12. In all dealings hereunder, the Representatives of the Underwriters shall act on behalf of each of the Underwriters, and the parties hereto shall be entitled to act and rely upon any statement, request, notice or agreement made or given by the Representatives on behalf of the Underwriters.
All statements, requests, notices and agreements hereunder shall be in writing, and if to the Underwriters shall be delivered or sent by mail, telex or facsimile transmission to you in care of [ ] at [ ], Attention: [ ] (fax no.:[ ]); and if to the Company shall be delivered or sent by mail, telex or facsimile transmission to the address of the Company set forth in the Registration Statement, Attention: Secretary; provided, however that any notice to an Underwriter pursuant to Section 8(c) hereof shall be delivered or sent by mail, telex or facsimile transmission to such Underwriter at the address supplied to the Company by you upon request. Any such statements, requests, notices or agreements shall take effect at the time of receipt thereof.
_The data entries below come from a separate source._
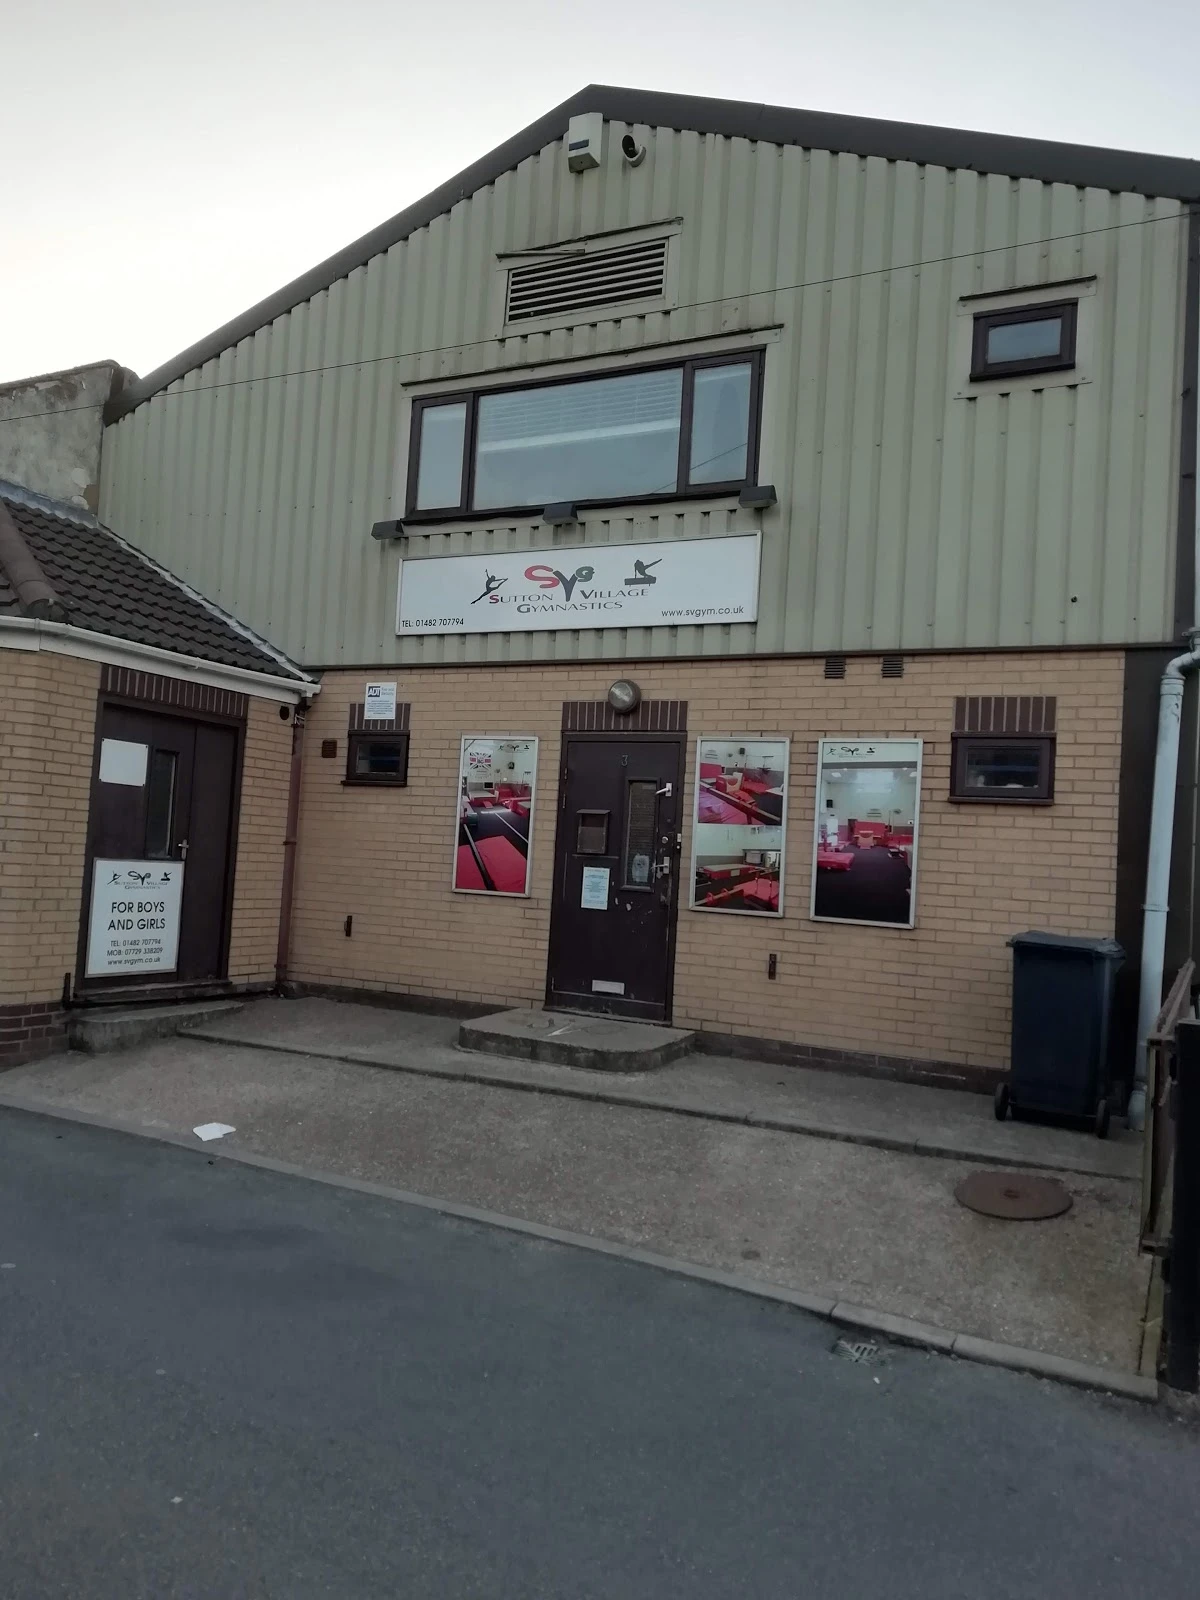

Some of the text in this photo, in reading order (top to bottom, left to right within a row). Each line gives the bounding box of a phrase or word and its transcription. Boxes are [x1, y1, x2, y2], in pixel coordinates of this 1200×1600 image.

[489, 588, 649, 604] SUTTON VILLAGE
[517, 601, 623, 613] GYMNASTICS
[661, 605, 744, 617] www.svgym.co.uk
[415, 619, 437, 627] 01482
[439, 617, 464, 626] 707794
[368, 686, 381, 697] ADT
[622, 754, 628, 766] 3
[111, 901, 165, 913] FOR BOYS
[107, 918, 166, 931] AND GIRLS
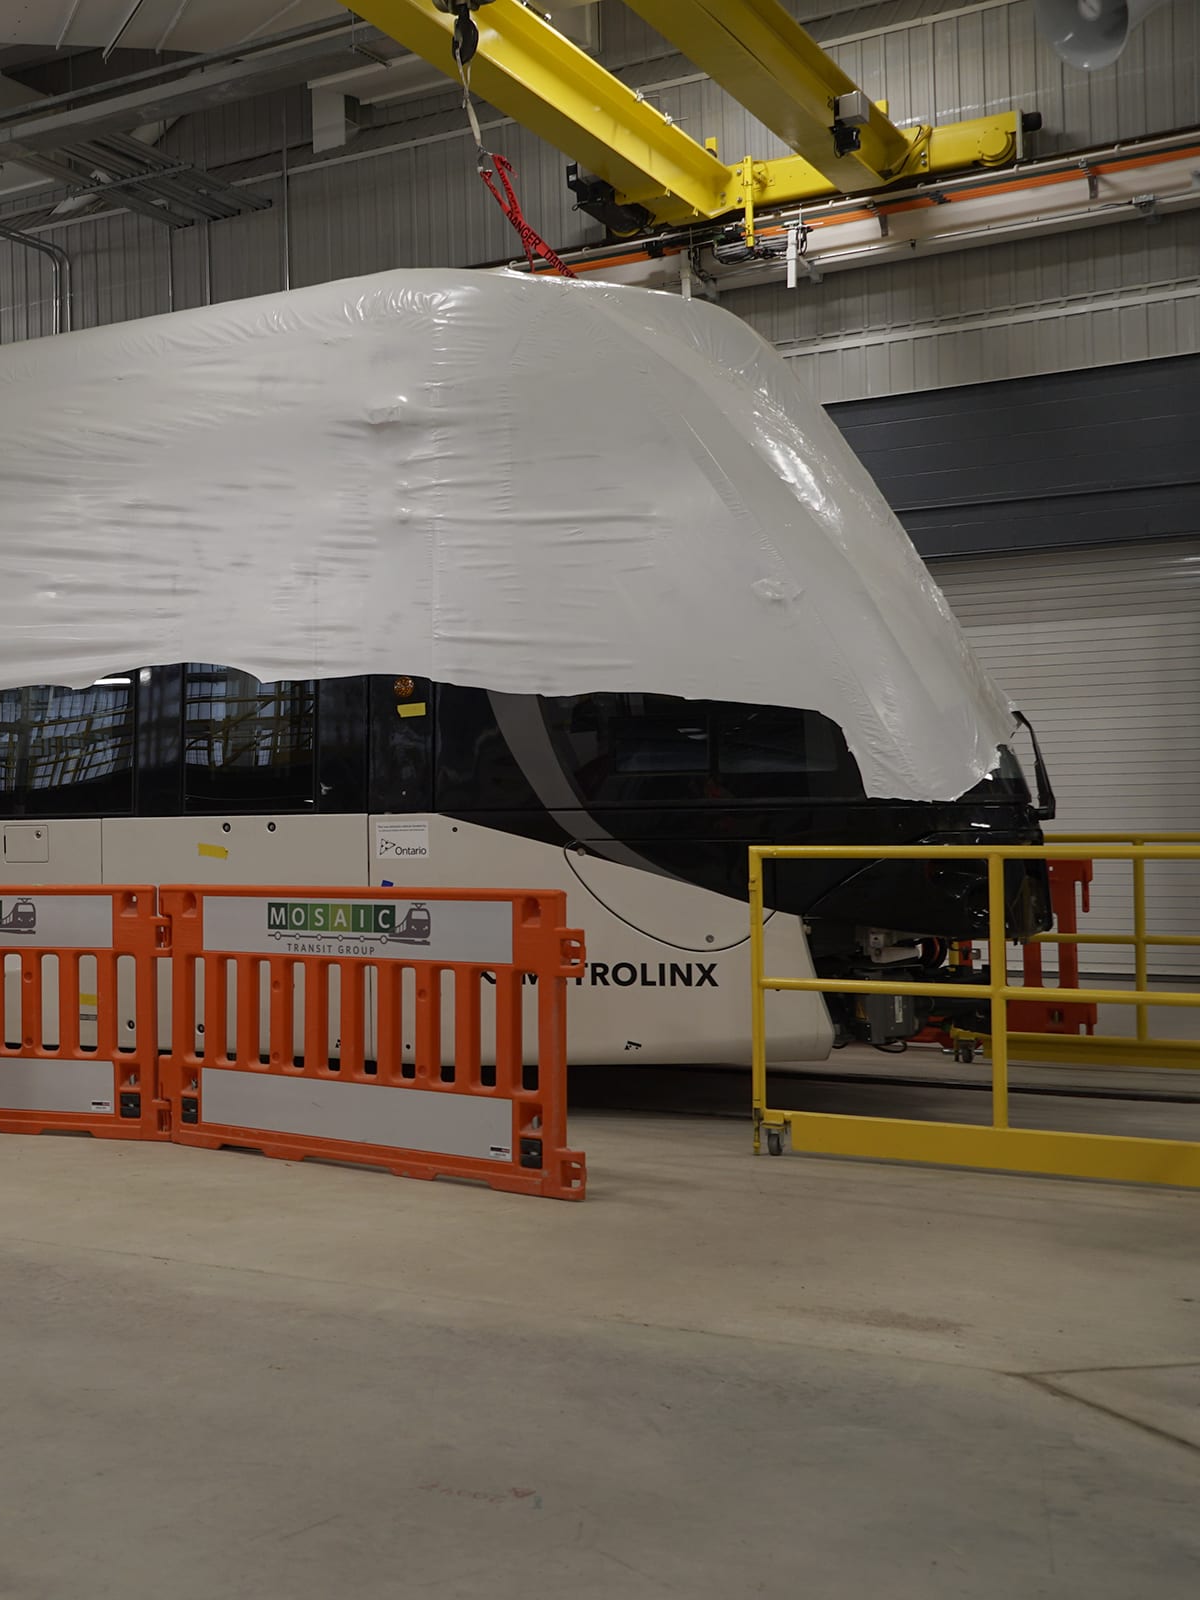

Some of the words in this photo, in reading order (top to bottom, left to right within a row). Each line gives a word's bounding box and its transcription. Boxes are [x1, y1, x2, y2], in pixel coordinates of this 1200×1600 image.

13. This Agreement shall be binding upon, and inure solely to the benefit of, the Underwriters, the Company and, to the extent provided in Sections 8 and 10 hereof, the employees, officers and directors of the Company and the Underwriters and each person who controls the Company or any Underwriter, and their respective heirs, executors, administrators, successors and assigns, and no other person shall acquire or have any right under or by virtue of this Agreement. No purchaser of any of the Debt Securities from any Underwriter shall be deemed a successor or assign by reason merely of such purchase.
14. Time shall be of the essence of this Agreement. As used herein, the term “business day” shall mean any day when the Commission’s office in Washington, D.C. is open for business.
15. This Agreement shall be governed by and construed in accordance with the laws of the State of New York.
16. This Agreement may be executed by any one or more of the parties hereto in any number of counterparts, each of which shall be deemed to be an original, but all such counterparts shall together constitute one and the same instrument.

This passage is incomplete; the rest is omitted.